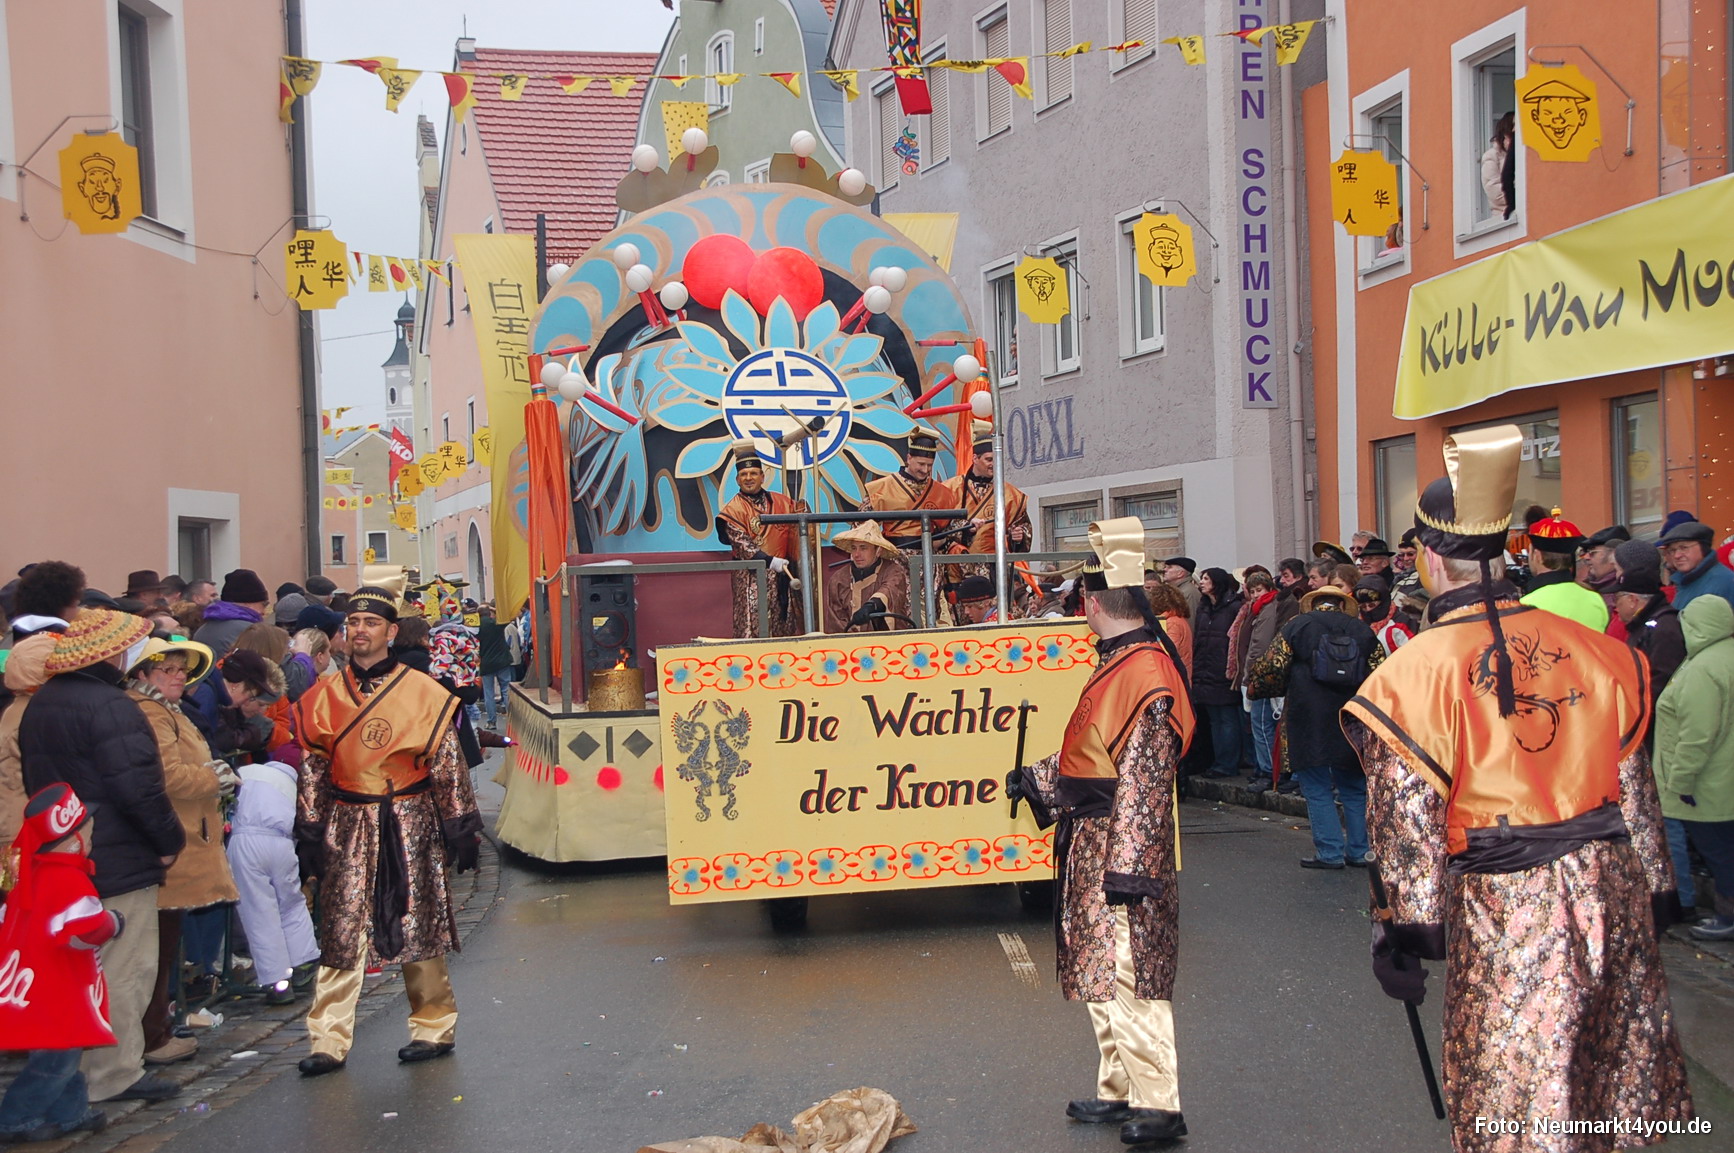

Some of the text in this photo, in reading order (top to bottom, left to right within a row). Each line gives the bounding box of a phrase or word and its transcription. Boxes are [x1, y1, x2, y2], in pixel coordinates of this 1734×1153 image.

[1239, 0, 1264, 119] REN
[1242, 149, 1272, 402] SCHMUCK
[1007, 395, 1084, 469] OEXL
[775, 698, 840, 743] Die
[861, 687, 1038, 738] Wächter
[799, 763, 999, 815] der Krone

* * *

● Problem details
Word for word, return the material, omitting the pictures.

● Answer
Some of the text in this photo, in reading order (top to bottom, left to right within a row). Each line gives the bounding box of a phrase or word and its transcription. Boxes are [x1, y1, x2, y2], in pixel coordinates of this 1734×1153 image.

[1239, 0, 1264, 119] REN
[1242, 149, 1272, 402] SCHMUCK
[1007, 395, 1084, 469] OEXL
[775, 698, 840, 743] Die
[861, 687, 1038, 738] Wächter
[799, 763, 999, 815] der Krone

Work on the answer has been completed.